**Instructions to follow:** Type out every line below exactly as it reads.

**Information provided:**
Content starts
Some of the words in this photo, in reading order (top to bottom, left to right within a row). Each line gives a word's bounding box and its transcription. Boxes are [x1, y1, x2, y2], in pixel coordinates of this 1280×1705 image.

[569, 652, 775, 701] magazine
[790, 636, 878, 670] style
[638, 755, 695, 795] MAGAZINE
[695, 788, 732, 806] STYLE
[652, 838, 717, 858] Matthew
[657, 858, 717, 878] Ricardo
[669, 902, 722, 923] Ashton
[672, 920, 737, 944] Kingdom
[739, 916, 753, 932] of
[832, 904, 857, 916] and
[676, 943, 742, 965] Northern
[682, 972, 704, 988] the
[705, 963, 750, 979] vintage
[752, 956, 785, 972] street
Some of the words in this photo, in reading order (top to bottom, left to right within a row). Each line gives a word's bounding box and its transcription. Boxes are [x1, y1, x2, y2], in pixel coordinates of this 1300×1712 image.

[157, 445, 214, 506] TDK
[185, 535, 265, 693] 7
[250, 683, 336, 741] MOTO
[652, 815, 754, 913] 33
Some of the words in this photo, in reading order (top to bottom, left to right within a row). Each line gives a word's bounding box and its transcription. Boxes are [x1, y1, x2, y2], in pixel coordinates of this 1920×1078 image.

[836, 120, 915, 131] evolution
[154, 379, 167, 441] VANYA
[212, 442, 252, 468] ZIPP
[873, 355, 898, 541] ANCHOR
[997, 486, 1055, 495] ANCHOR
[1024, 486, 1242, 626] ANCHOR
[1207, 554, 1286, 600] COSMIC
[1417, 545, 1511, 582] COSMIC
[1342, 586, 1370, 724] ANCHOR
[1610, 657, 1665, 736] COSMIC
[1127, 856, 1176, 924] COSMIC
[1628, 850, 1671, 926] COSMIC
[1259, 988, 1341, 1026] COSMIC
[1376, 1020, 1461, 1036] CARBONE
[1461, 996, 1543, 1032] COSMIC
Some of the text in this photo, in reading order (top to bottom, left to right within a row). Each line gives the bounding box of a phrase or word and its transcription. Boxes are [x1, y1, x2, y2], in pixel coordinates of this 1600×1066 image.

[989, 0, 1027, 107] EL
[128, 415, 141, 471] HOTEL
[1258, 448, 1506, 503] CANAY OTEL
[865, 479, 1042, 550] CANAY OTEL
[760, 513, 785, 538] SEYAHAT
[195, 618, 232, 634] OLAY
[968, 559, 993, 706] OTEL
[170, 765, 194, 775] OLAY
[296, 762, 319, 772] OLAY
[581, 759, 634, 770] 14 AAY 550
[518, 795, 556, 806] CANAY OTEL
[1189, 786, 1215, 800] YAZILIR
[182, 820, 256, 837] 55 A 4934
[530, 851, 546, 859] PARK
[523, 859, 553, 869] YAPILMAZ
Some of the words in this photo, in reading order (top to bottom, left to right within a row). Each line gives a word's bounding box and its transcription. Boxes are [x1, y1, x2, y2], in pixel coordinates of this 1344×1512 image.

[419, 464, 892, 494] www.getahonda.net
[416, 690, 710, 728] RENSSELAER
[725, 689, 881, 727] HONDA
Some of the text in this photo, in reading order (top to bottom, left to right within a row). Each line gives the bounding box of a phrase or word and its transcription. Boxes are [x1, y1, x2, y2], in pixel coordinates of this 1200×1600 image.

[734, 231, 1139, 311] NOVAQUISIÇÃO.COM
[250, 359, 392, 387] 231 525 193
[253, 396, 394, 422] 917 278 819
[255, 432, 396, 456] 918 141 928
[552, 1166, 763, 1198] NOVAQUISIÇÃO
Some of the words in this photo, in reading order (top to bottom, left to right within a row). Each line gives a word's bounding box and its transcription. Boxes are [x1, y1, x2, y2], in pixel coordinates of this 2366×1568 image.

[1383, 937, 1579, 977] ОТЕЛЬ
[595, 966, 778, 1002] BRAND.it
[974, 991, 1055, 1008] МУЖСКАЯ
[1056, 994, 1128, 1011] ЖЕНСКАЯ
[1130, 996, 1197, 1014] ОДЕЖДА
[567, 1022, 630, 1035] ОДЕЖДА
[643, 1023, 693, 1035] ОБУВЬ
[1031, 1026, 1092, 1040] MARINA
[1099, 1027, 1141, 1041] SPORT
Content ends
**Response to the exercise:**
Some of the words in this photo, in reading order (top to bottom, left to right within a row). Each line gives a word's bounding box and its transcription. Boxes are [x1, y1, x2, y2], in pixel coordinates of this 1280×1705 image.

[569, 652, 775, 701] magazine
[790, 636, 878, 670] style
[638, 755, 695, 795] MAGAZINE
[695, 788, 732, 806] STYLE
[652, 838, 717, 858] Matthew
[657, 858, 717, 878] Ricardo
[669, 902, 722, 923] Ashton
[672, 920, 737, 944] Kingdom
[739, 916, 753, 932] of
[832, 904, 857, 916] and
[676, 943, 742, 965] Northern
[682, 972, 704, 988] the
[705, 963, 750, 979] vintage
[752, 956, 785, 972] street
Some of the words in this photo, in reading order (top to bottom, left to right within a row). Each line gives a word's bounding box and its transcription. Boxes are [x1, y1, x2, y2], in pixel coordinates of this 1300×1712 image.

[157, 445, 214, 506] TDK
[185, 535, 265, 693] 7
[250, 683, 336, 741] MOTO
[652, 815, 754, 913] 33
Some of the words in this photo, in reading order (top to bottom, left to right within a row). Each line gives a word's bounding box and its transcription. Boxes are [x1, y1, x2, y2], in pixel coordinates of this 1920×1078 image.

[836, 120, 915, 131] evolution
[154, 379, 167, 441] VANYA
[212, 442, 252, 468] ZIPP
[873, 355, 898, 541] ANCHOR
[997, 486, 1055, 495] ANCHOR
[1024, 486, 1242, 626] ANCHOR
[1207, 554, 1286, 600] COSMIC
[1417, 545, 1511, 582] COSMIC
[1342, 586, 1370, 724] ANCHOR
[1610, 657, 1665, 736] COSMIC
[1127, 856, 1176, 924] COSMIC
[1628, 850, 1671, 926] COSMIC
[1259, 988, 1341, 1026] COSMIC
[1376, 1020, 1461, 1036] CARBONE
[1461, 996, 1543, 1032] COSMIC
Some of the text in this photo, in reading order (top to bottom, left to right within a row). Each line gives the bounding box of a phrase or word and its transcription. Boxes are [x1, y1, x2, y2], in pixel coordinates of this 1600×1066 image.

[989, 0, 1027, 107] EL
[128, 415, 141, 471] HOTEL
[1258, 448, 1506, 503] CANAY OTEL
[865, 479, 1042, 550] CANAY OTEL
[760, 513, 785, 538] SEYAHAT
[195, 618, 232, 634] OLAY
[968, 559, 993, 706] OTEL
[170, 765, 194, 775] OLAY
[296, 762, 319, 772] OLAY
[581, 759, 634, 770] 14 AAY 550
[518, 795, 556, 806] CANAY OTEL
[1189, 786, 1215, 800] YAZILIR
[182, 820, 256, 837] 55 A 4934
[530, 851, 546, 859] PARK
[523, 859, 553, 869] YAPILMAZ
Some of the words in this photo, in reading order (top to bottom, left to right within a row). Each line gives a word's bounding box and its transcription. Boxes are [x1, y1, x2, y2], in pixel coordinates of this 1344×1512 image.

[419, 464, 892, 494] www.getahonda.net
[416, 690, 710, 728] RENSSELAER
[725, 689, 881, 727] HONDA
Some of the text in this photo, in reading order (top to bottom, left to right within a row). Each line gives the bounding box of a phrase or word and its transcription. Boxes are [x1, y1, x2, y2], in pixel coordinates of this 1200×1600 image.

[734, 231, 1139, 311] NOVAQUISIÇÃO.COM
[250, 359, 392, 387] 231 525 193
[253, 396, 394, 422] 917 278 819
[255, 432, 396, 456] 918 141 928
[552, 1166, 763, 1198] NOVAQUISIÇÃO
Some of the words in this photo, in reading order (top to bottom, left to right within a row). Each line gives a word's bounding box and its transcription. Boxes are [x1, y1, x2, y2], in pixel coordinates of this 2366×1568 image.

[1383, 937, 1579, 977] ОТЕЛЬ
[595, 966, 778, 1002] BRAND.it
[974, 991, 1055, 1008] МУЖСКАЯ
[1056, 994, 1128, 1011] ЖЕНСКАЯ
[1130, 996, 1197, 1014] ОДЕЖДА
[567, 1022, 630, 1035] ОДЕЖДА
[643, 1023, 693, 1035] ОБУВЬ
[1031, 1026, 1092, 1040] MARINA
[1099, 1027, 1141, 1041] SPORT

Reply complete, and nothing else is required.